_DATASET EXTRACT_
BEGIN

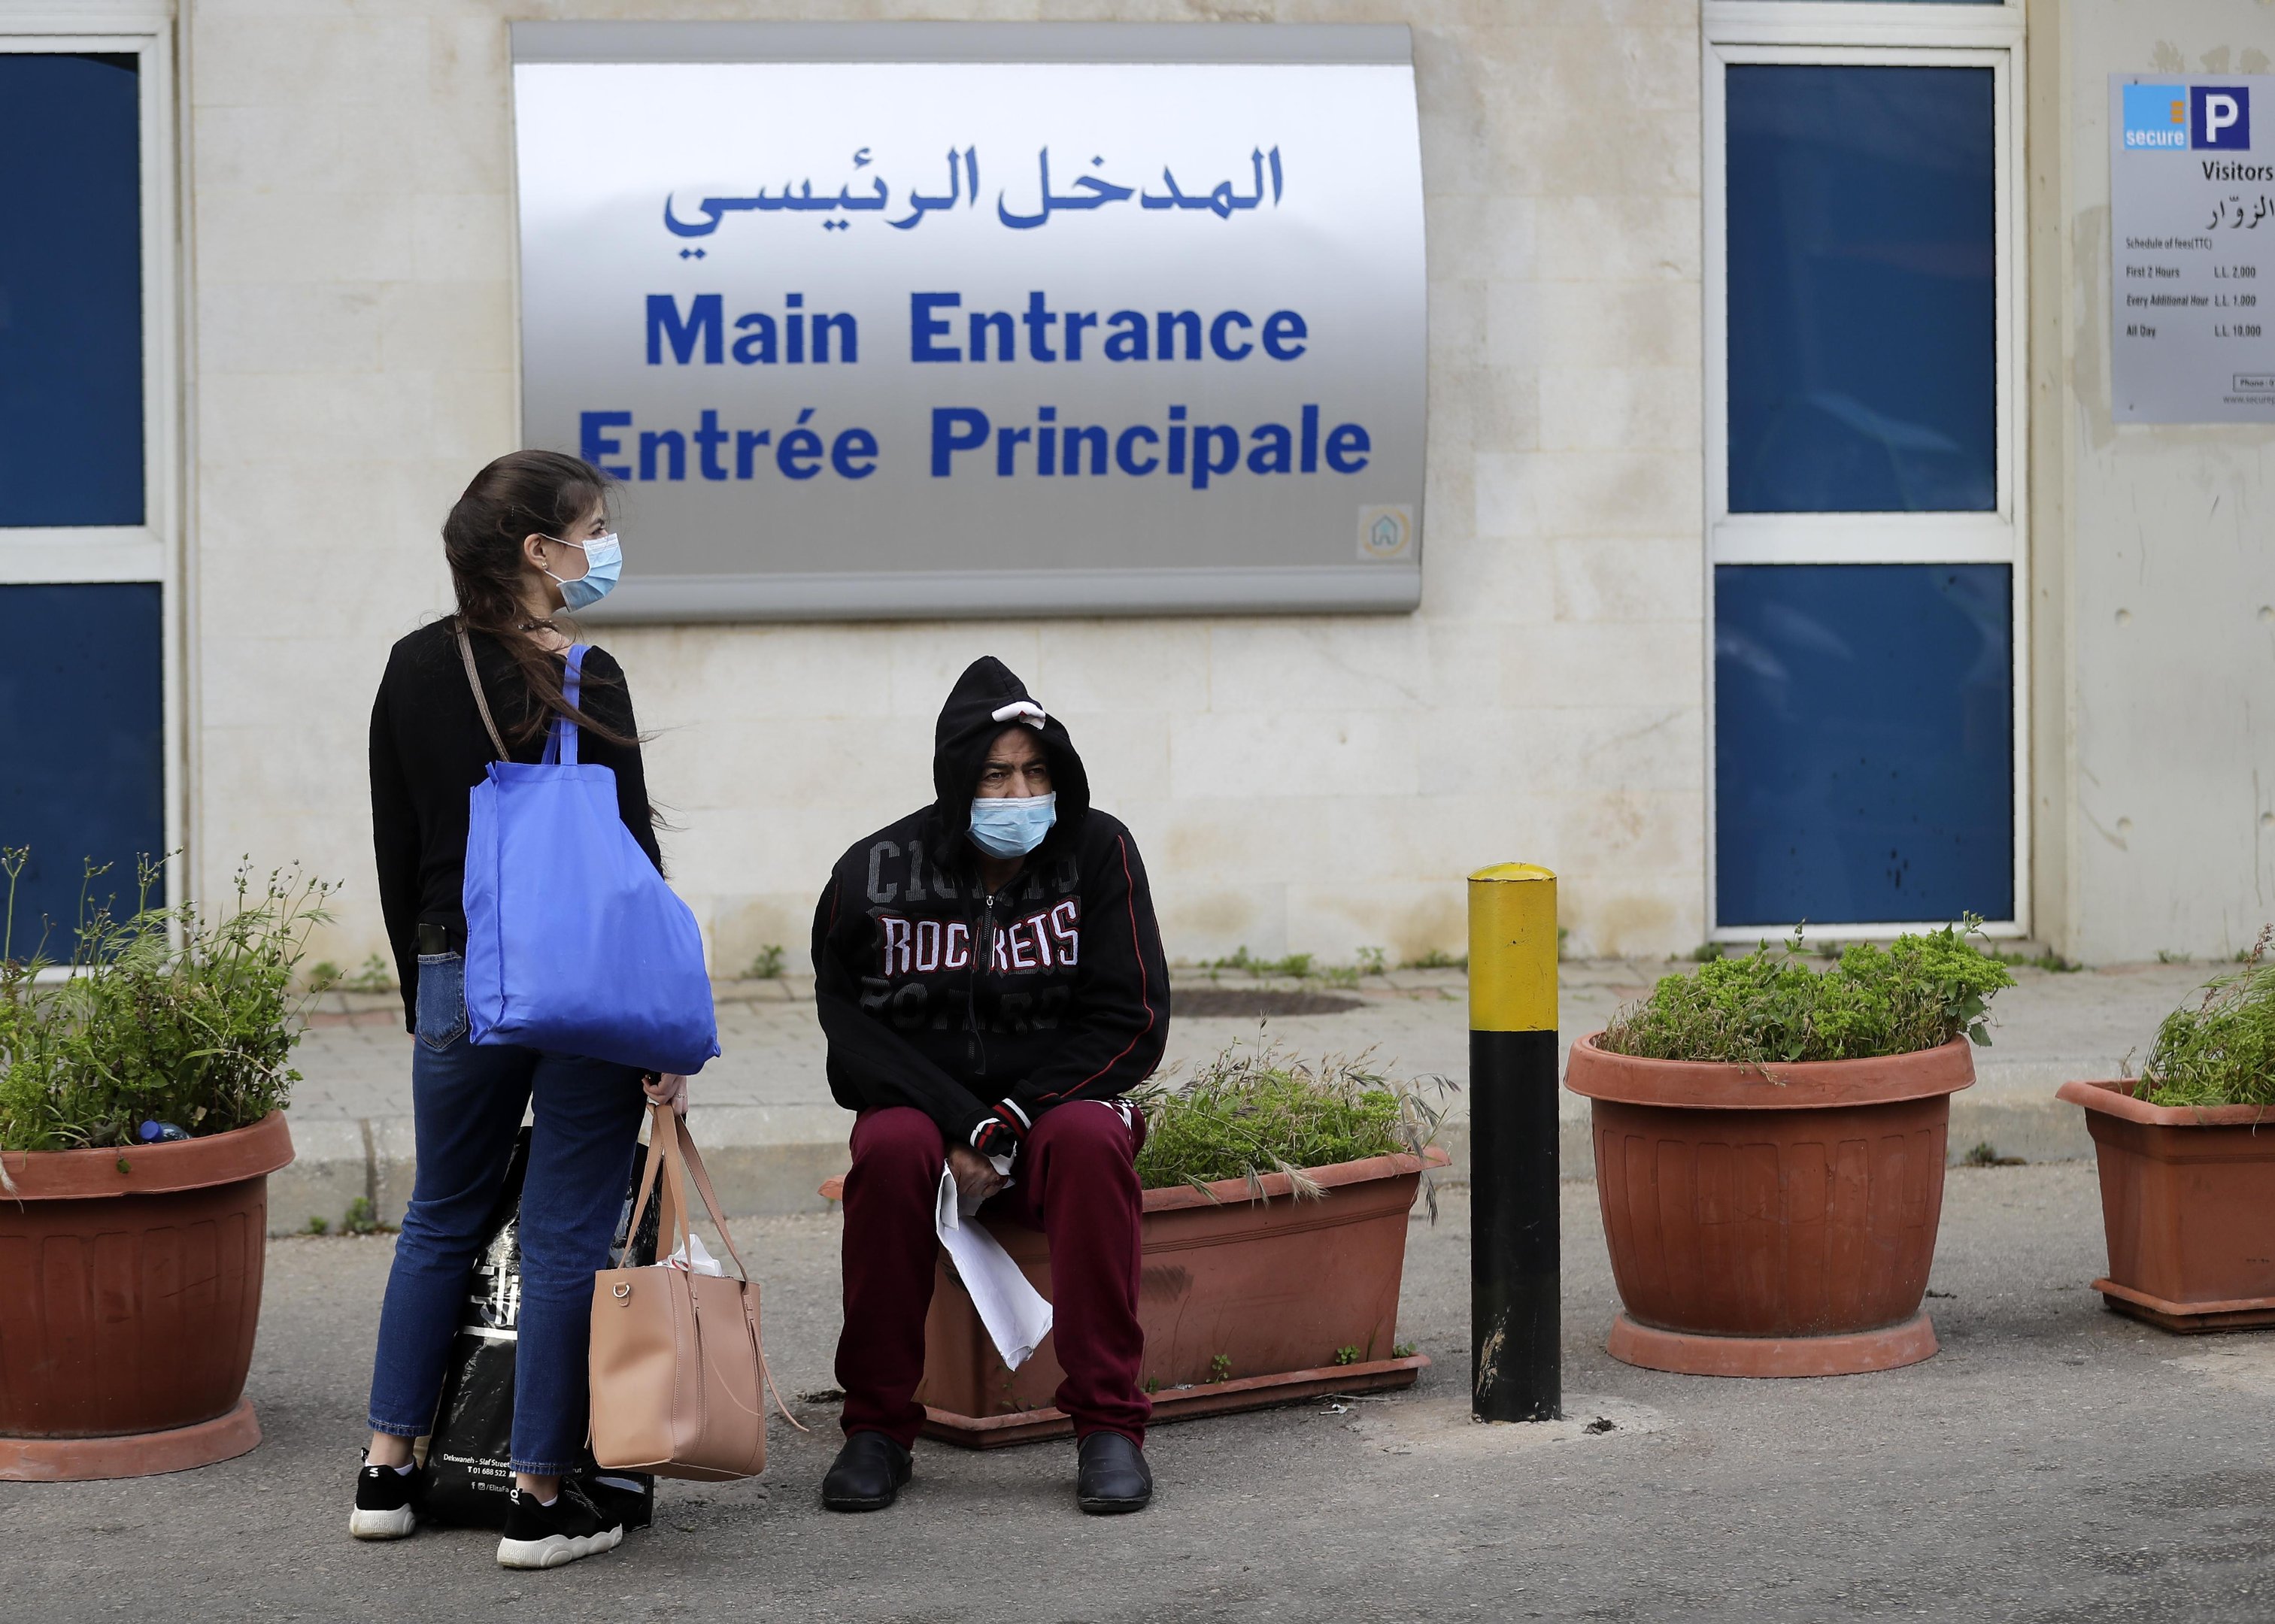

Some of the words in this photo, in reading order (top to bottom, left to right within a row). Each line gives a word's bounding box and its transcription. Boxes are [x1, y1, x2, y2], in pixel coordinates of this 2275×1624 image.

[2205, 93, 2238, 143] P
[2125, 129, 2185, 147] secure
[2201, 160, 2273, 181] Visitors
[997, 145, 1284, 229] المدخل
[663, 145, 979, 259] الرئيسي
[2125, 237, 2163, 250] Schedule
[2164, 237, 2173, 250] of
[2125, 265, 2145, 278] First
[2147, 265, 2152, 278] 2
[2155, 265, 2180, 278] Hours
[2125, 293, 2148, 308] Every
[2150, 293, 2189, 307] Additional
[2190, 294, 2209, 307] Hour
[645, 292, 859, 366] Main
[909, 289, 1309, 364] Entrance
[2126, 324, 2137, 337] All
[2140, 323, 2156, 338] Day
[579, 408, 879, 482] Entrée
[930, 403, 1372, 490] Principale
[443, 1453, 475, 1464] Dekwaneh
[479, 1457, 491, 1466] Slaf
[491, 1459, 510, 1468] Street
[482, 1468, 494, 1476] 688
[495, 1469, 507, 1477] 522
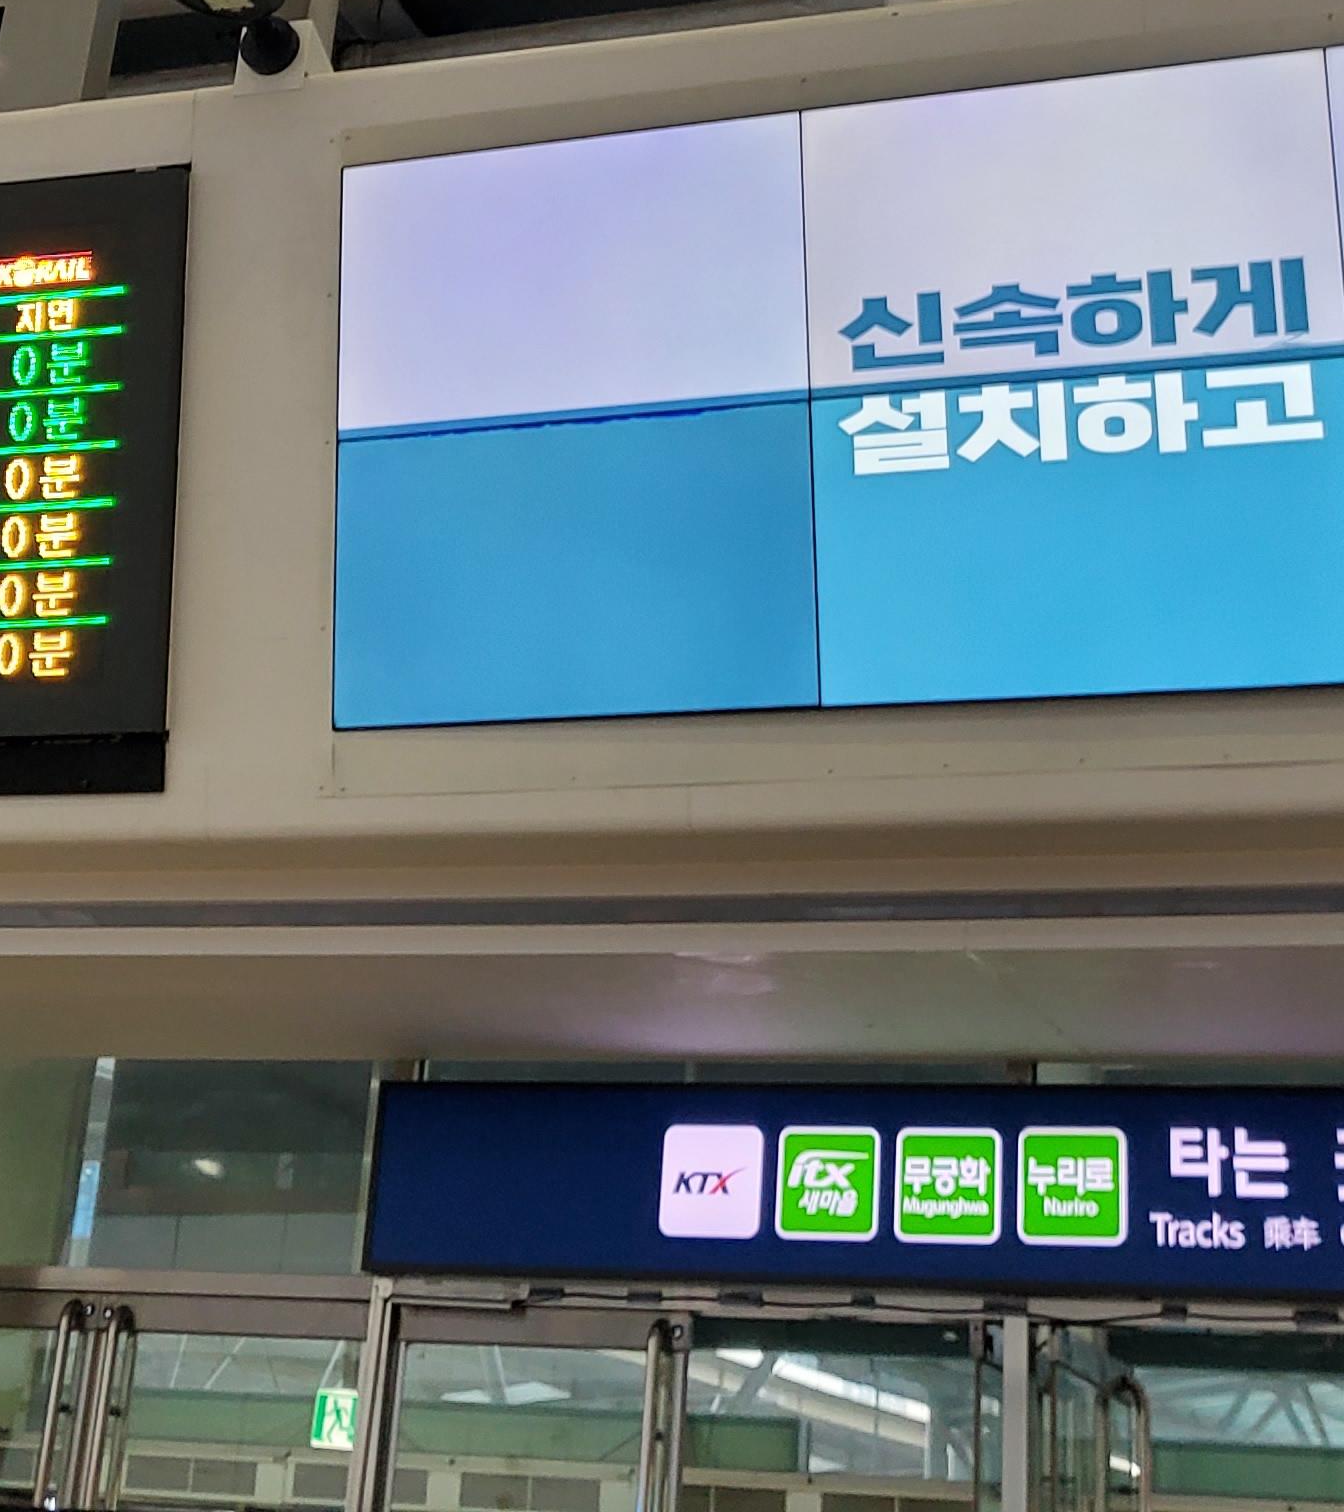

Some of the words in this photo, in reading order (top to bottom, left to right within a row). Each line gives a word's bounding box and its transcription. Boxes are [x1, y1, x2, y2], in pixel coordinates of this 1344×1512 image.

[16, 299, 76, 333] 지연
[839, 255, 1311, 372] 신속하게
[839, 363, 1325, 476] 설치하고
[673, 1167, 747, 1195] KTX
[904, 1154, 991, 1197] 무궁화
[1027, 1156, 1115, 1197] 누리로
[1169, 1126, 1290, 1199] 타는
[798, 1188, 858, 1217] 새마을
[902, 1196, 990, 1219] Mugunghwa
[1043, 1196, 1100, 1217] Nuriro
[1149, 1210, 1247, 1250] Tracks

END

_EXERCISE OBJECTIVE_
Please return the records above exactly as written, dropping every picture.

_REPLY TO THE TASK_
Some of the words in this photo, in reading order (top to bottom, left to right within a row). Each line gives a word's bounding box and its transcription. Boxes are [x1, y1, x2, y2], in pixel coordinates of this 2275×1624 image.

[2205, 93, 2238, 143] P
[2125, 129, 2185, 147] secure
[2201, 160, 2273, 181] Visitors
[997, 145, 1284, 229] المدخل
[663, 145, 979, 259] الرئيسي
[2125, 237, 2163, 250] Schedule
[2164, 237, 2173, 250] of
[2125, 265, 2145, 278] First
[2147, 265, 2152, 278] 2
[2155, 265, 2180, 278] Hours
[2125, 293, 2148, 308] Every
[2150, 293, 2189, 307] Additional
[2190, 294, 2209, 307] Hour
[645, 292, 859, 366] Main
[909, 289, 1309, 364] Entrance
[2126, 324, 2137, 337] All
[2140, 323, 2156, 338] Day
[579, 408, 879, 482] Entrée
[930, 403, 1372, 490] Principale
[443, 1453, 475, 1464] Dekwaneh
[479, 1457, 491, 1466] Slaf
[491, 1459, 510, 1468] Street
[482, 1468, 494, 1476] 688
[495, 1469, 507, 1477] 522

Some of the words in this photo, in reading order (top to bottom, left to right within a row). Each line gives a word's bounding box and its transcription. Boxes are [x1, y1, x2, y2], in pixel coordinates of this 1344×1512 image.

[16, 299, 76, 333] 지연
[839, 255, 1311, 372] 신속하게
[839, 363, 1325, 476] 설치하고
[673, 1167, 747, 1195] KTX
[904, 1154, 991, 1197] 무궁화
[1027, 1156, 1115, 1197] 누리로
[1169, 1126, 1290, 1199] 타는
[798, 1188, 858, 1217] 새마을
[902, 1196, 990, 1219] Mugunghwa
[1043, 1196, 1100, 1217] Nuriro
[1149, 1210, 1247, 1250] Tracks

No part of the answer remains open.